I choked on a sob and weakly shook my head as hot, stinging water trailed from my eyes once more, marring the immaculate fur that I’d wrapped her in. “Daphnae…” My tongue, hobbled in the last hours, now seemed freed as if unbound by Hermes himself. “I will hear your name in the lament of the wolves, I will hear your laughter in the giggle of the stream, and in the grumble of the bear I will find your fearsome roar. Where you lay, the eagles will one day nest and forth from your bones, the glorious Cypress will spring and the finest stags will graze at its foot. The lion, the lynx and the leopard will retrace your step to find the blessing of the Huntress, _your_ blessing. Each time the hound bays, it will be a prayer to you as it clamours for the hunt. Your sisters will sing a song that will be carried by the birds until all of that which is living and all of the dead and all of the gods - man and beast - will know of you and your story. Of this, I will make certain, for while Artemis may have been your Mother, she has many daughters to regard but I… I can promise that in my flesh, my blood, my bones and my heart there is only you. You are my only one.” My lips ghosted over hers one final time. “Today you may be my greatest sorrow… but forever you will be my greatest truth.”

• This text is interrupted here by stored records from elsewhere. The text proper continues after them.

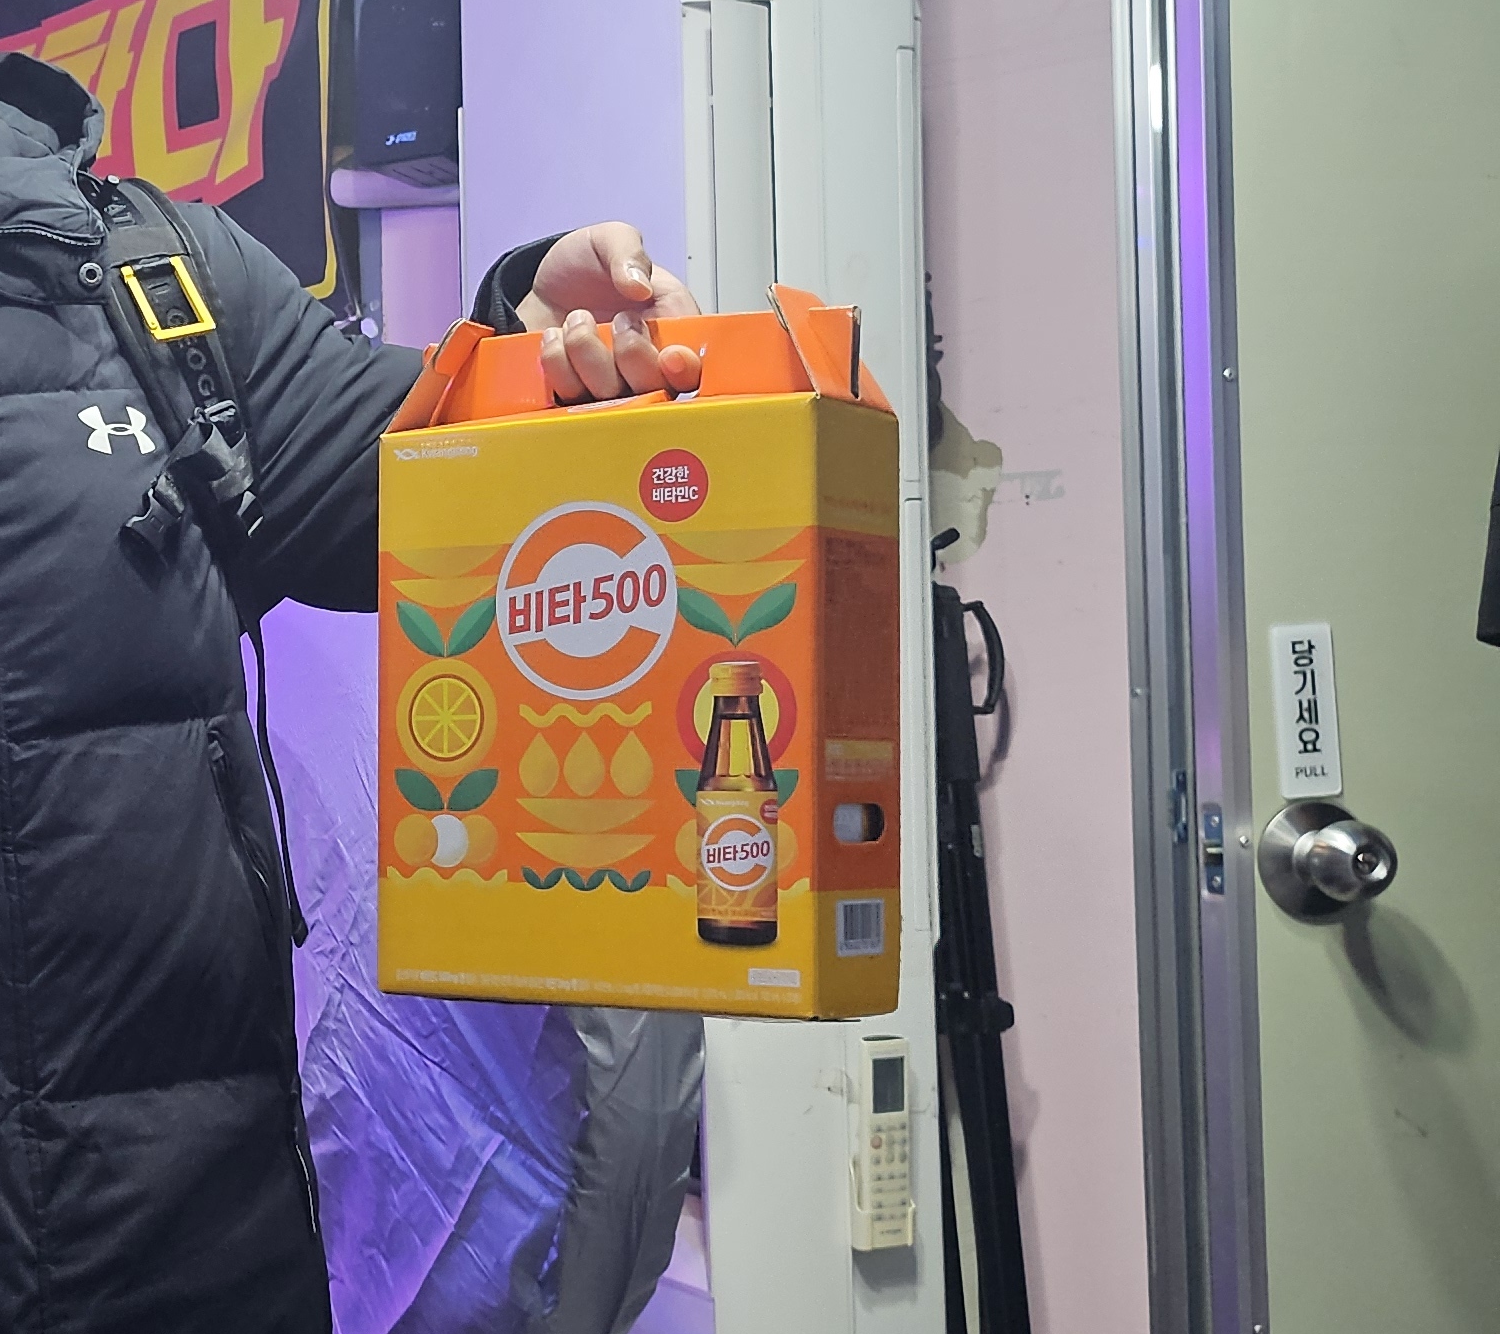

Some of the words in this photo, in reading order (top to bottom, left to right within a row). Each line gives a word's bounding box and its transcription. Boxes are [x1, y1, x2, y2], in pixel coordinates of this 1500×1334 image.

[652, 466, 690, 484] 건강한
[652, 486, 699, 504] 비타민C
[507, 563, 668, 637] 비타500
[1290, 639, 1322, 755] 당기세요
[1295, 765, 1328, 778] PULL
[706, 840, 770, 864] 비타500
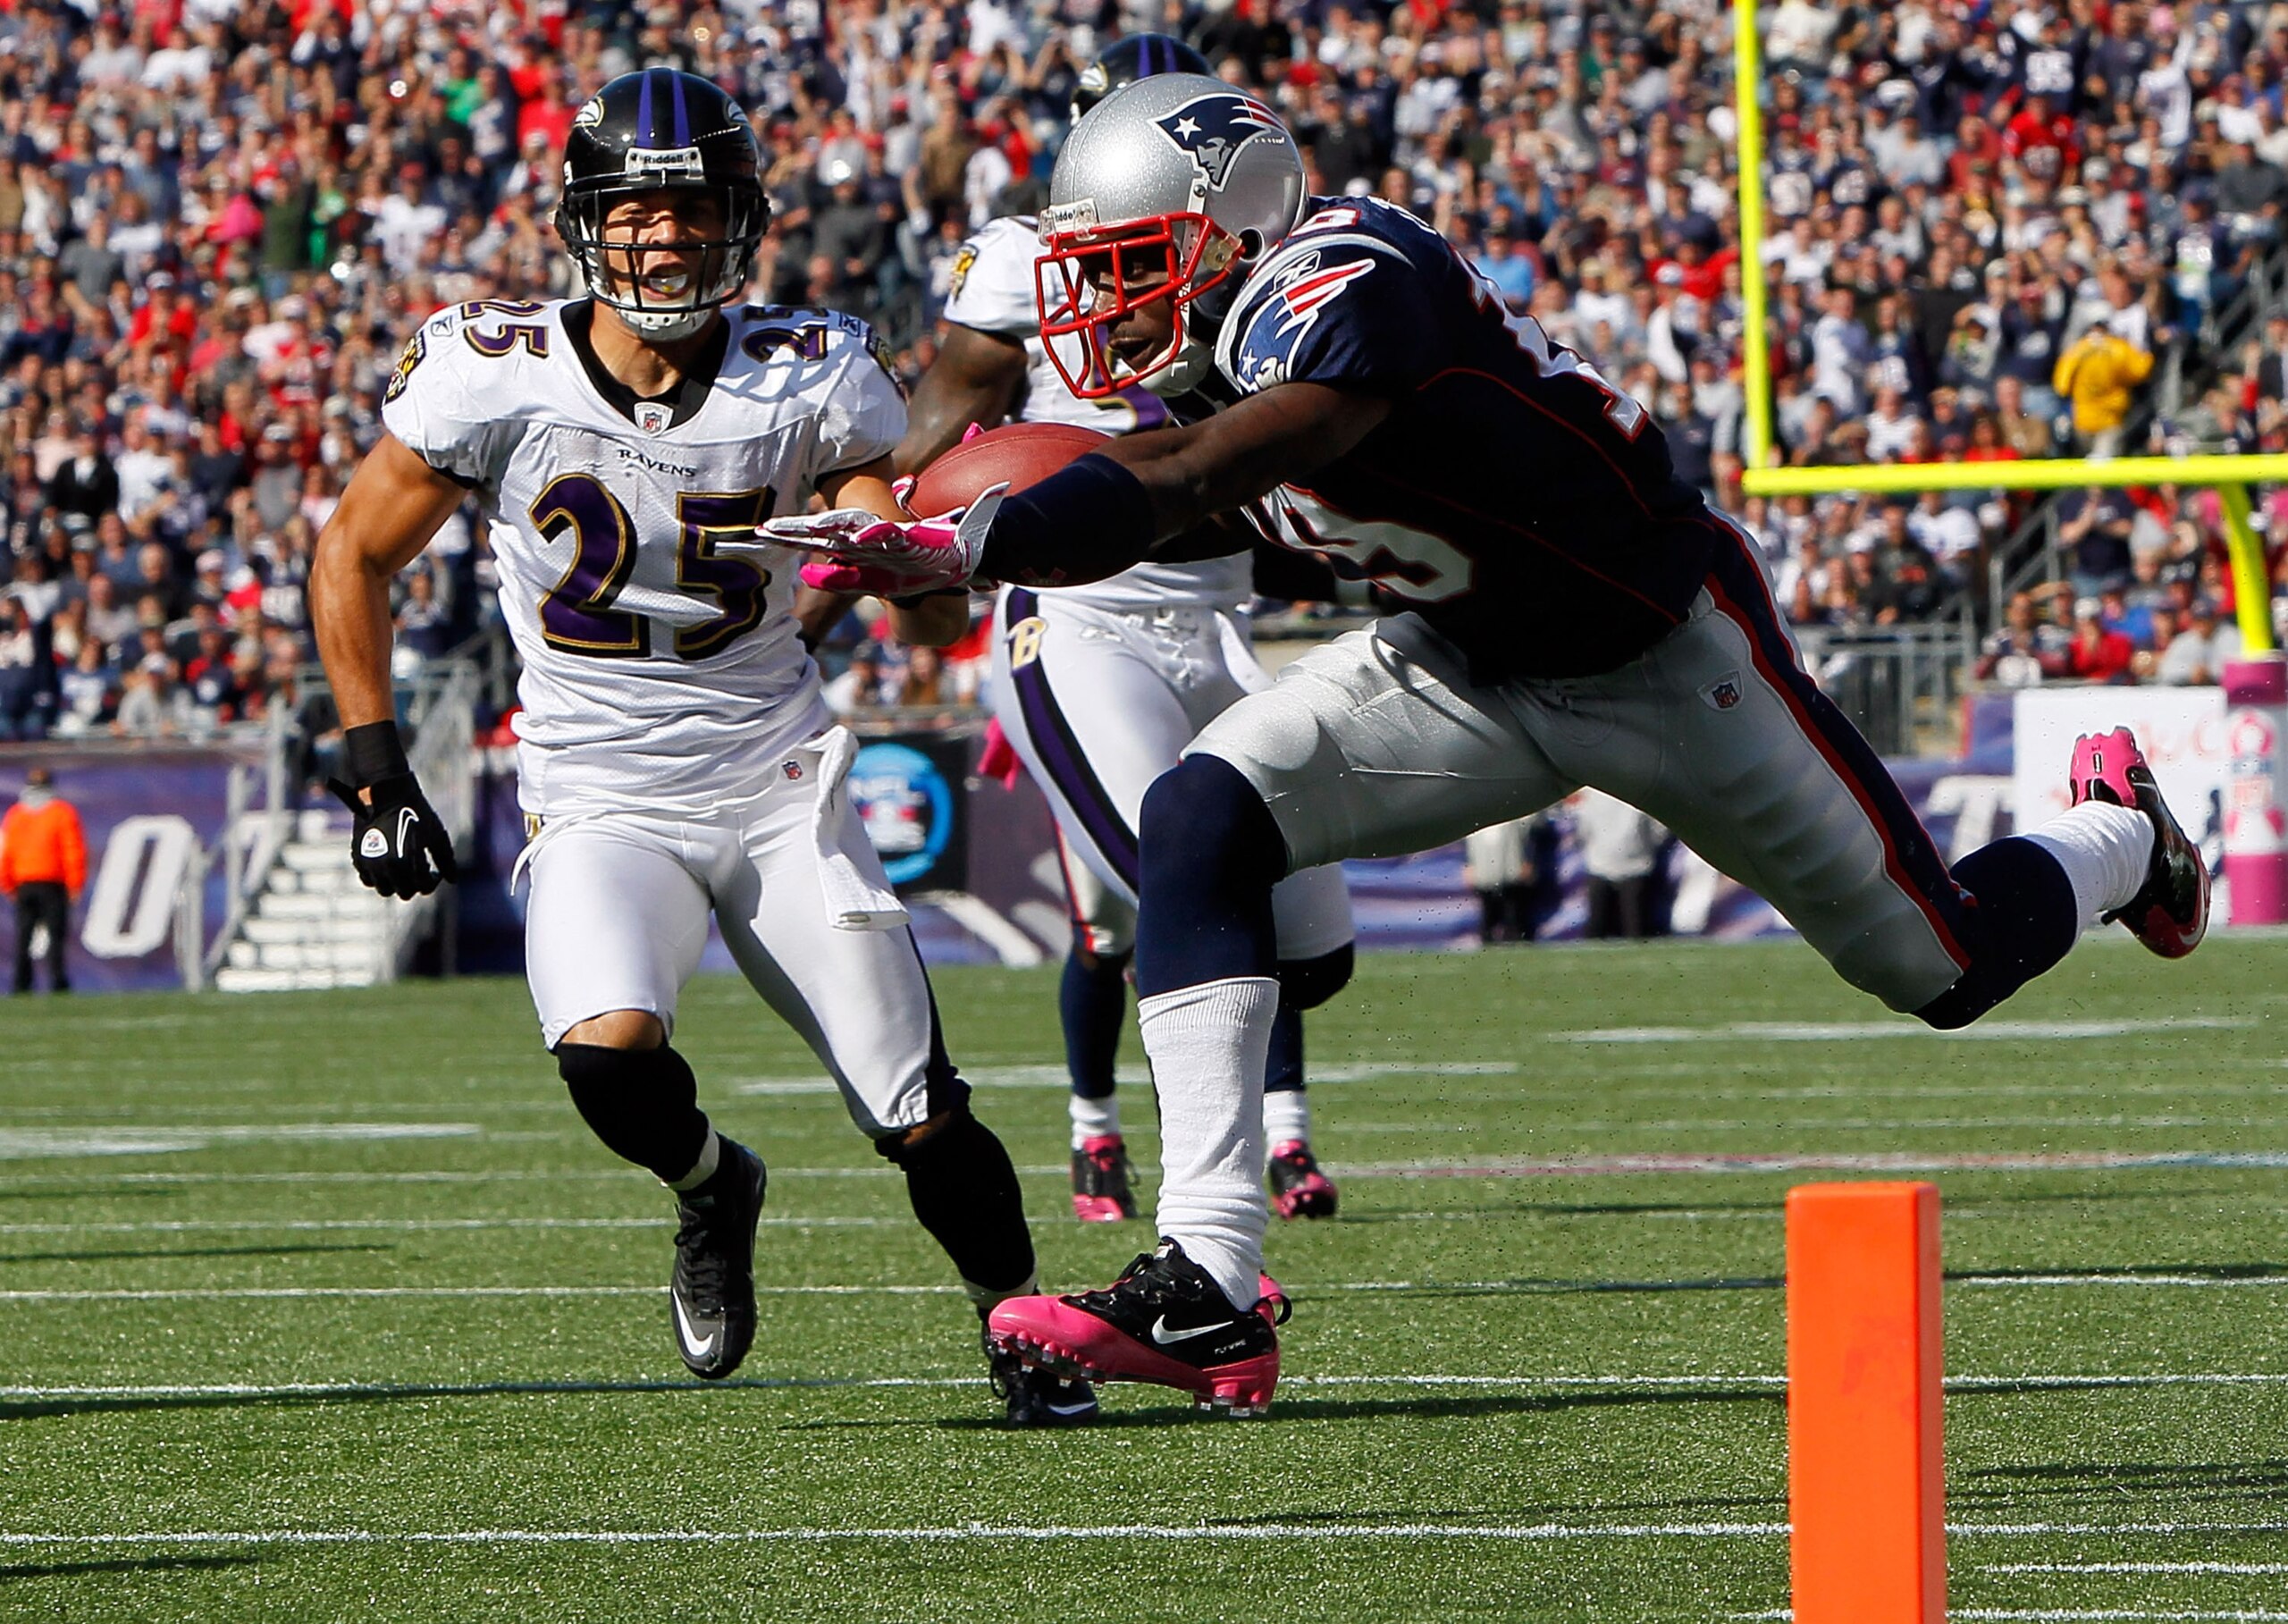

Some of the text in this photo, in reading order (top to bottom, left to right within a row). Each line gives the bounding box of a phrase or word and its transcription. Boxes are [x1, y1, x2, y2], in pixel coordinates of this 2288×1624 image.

My knuckles brushed against her cheekbones one last time, with the light reverence of a feather, showing no trace of the quaking I felt within.

“I love you.”

Silence did not hang after my words and as if on cue, Ikaros cried out to the skies, spreading his wings. As though Aeolus had been awaiting this signal, the winds blew forth allowing the raptor to rise with ease. I watched him soar to the stars then away westward, until my eye could no longer see the glint of his feathers in the starlight or his shadow against the glow of the Moon.

Daphnae was gone.

For good.

If the gods willed it, perhaps we would one day be reunited in the Islands of Joy, but the gods made no promises to the world of mortals. And it was so, this knowledge heavily sinking in my chest, that I pulled the shimmering pelt of the Keryneian Hind up higher, now completely covering the lifeless body before me.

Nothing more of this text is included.